A statement on an Islamic militant Web site later claimed that Hassoun had been beheaded, but it was followed the next day by a statement on another Islamic Web site denying that he had been killed.

He then showed up July 8 at the U.S. Embassy in Beirut, but it was unclear how he reached Lebanon and contacted American officials. The Navy has said it is investigating whether the entire kidnapping might have been a hoax.

Technically in time of war, desertion is punishable by death, but nobody's talking about that right now," reports CBS News National Security Correspondent David Martin at the Pentagon. "Everybody's just trying to figure out what the heck happened here."

Harvey, who is overseeing the questioning, was not permitted to say what Hassoun might have told investigators about his disappearance June 20 from his base near the troubled Iraqi city of Fallujah.

But he was cooperating with the debriefing team of intelligence specialists, psychologists, physicians and a Muslim chaplain, Harvey said.

"He has fully engaged in the process," Harvey said in a telephone interview from Landstuhl. "His spirits are good and he's participated fully."

The team was questioning Hassoun about "survival, evasion, resistance, and escape" and the results would be used to help others in Iraq, Marine Corps Europe spokesman Maj.

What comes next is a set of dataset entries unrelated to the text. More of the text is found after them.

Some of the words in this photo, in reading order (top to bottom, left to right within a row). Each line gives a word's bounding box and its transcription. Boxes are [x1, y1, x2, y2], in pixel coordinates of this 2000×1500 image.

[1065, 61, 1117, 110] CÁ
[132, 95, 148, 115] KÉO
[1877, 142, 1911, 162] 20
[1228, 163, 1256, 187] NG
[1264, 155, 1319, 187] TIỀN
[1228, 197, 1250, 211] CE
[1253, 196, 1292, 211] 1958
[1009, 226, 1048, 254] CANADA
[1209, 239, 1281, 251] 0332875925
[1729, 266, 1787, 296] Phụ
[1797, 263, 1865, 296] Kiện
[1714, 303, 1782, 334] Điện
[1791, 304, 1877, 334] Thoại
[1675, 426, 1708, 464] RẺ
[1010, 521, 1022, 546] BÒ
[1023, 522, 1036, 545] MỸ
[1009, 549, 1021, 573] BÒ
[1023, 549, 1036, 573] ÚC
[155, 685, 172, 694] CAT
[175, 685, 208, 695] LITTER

Tim Keefe said.

"Some of those lessons can go immediately back to people that are there and in that way they may have something that can save someone else's life," Keefe said.

Hassoun is expected to be able to return to his home unit in Camp Lejeune, N.C., "in a couple days," Keefe said.

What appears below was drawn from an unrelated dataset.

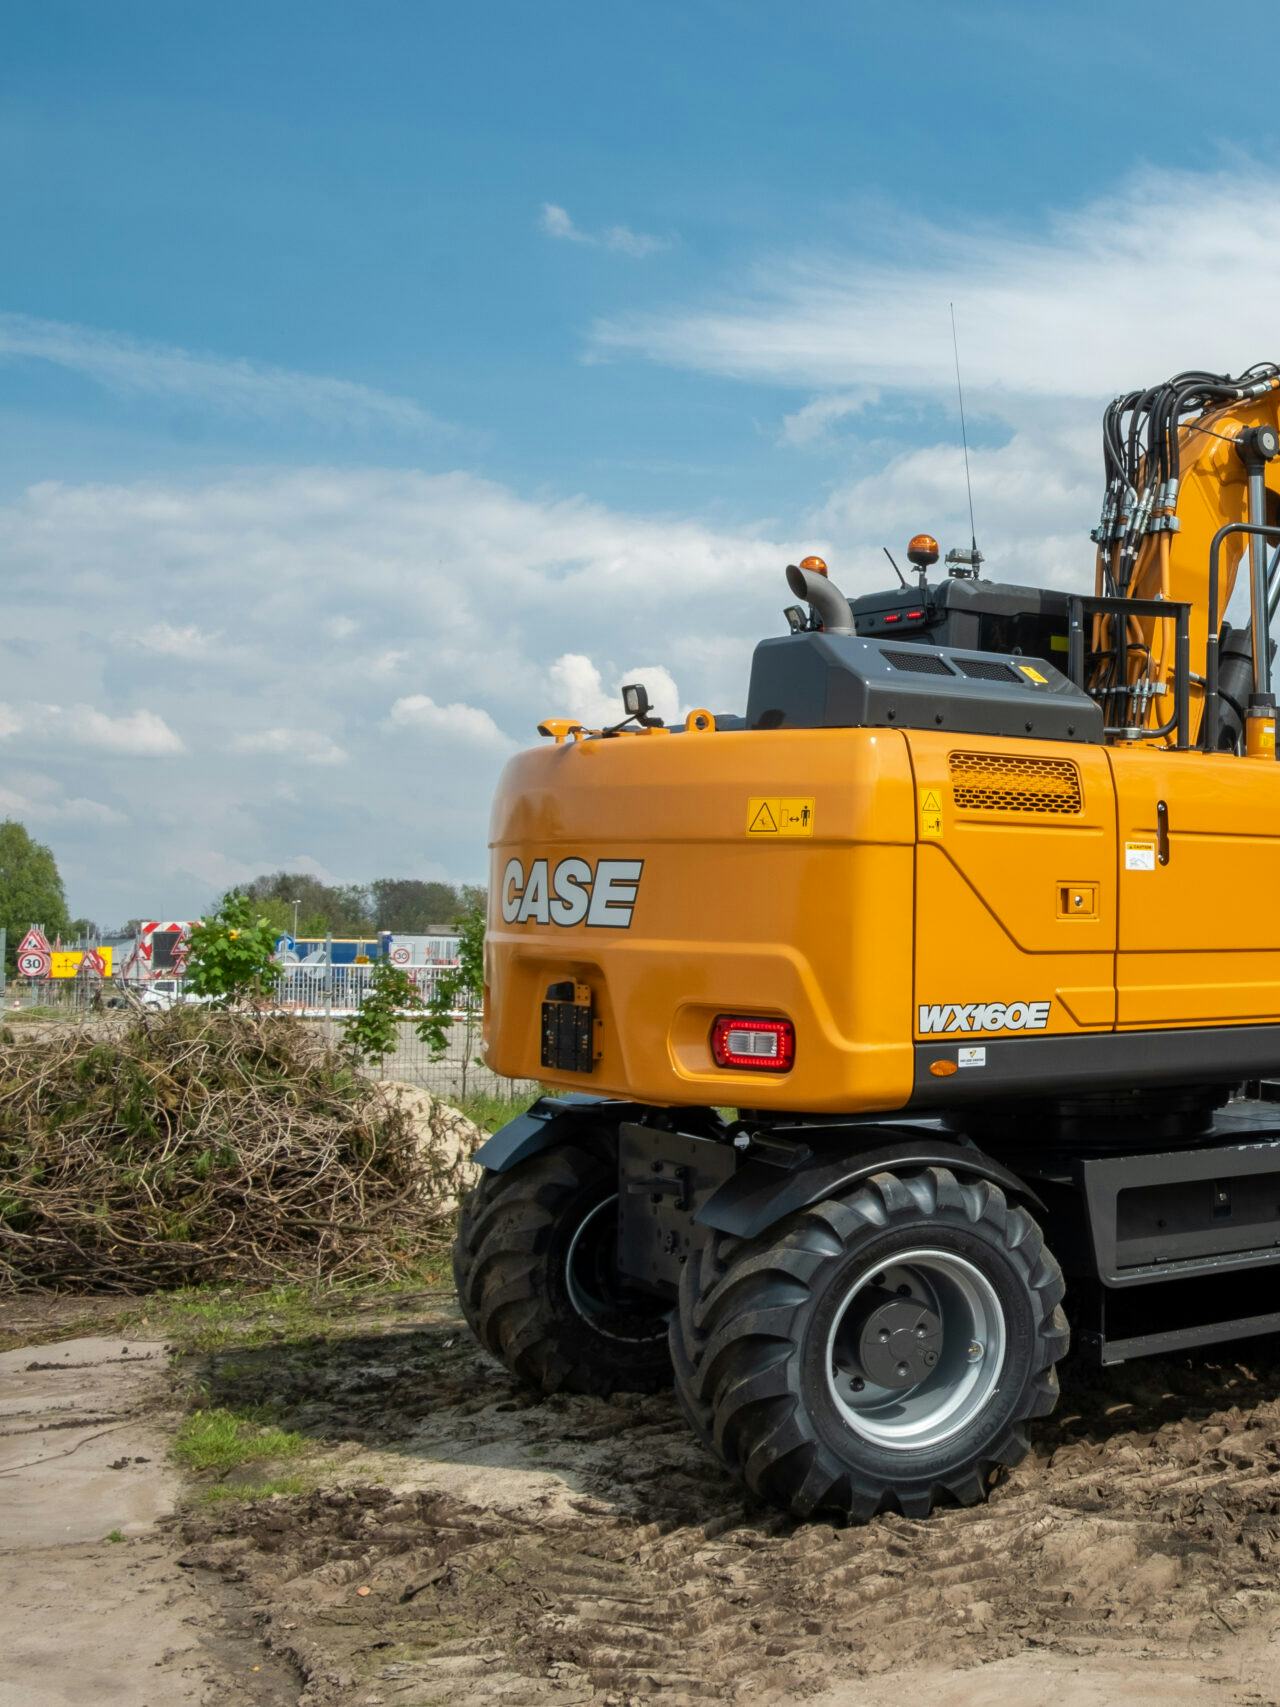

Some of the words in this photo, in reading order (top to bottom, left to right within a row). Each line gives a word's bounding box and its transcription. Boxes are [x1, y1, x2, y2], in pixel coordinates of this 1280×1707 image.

On his arrival at Landstuhl on Friday, doctors said that Hassoun seemed to be in good health but had lost 20 pounds and was having trouble sleeping.

He is now sleeping better and has been talking on the telephone with his mother in Lebanon and his brother in Utah as well as other family members, hospital spokeswoman Marie Shaw said.

"He is in good spirits, he's doing well," she said. "Today he's going to get a haircut and shave and look like a Marine again."

She said that the debriefing team had been speaking with Hassoun regularly.

"Most of it's just conversations, and it's done in an atmosphere as comfortable as possible for him," she said.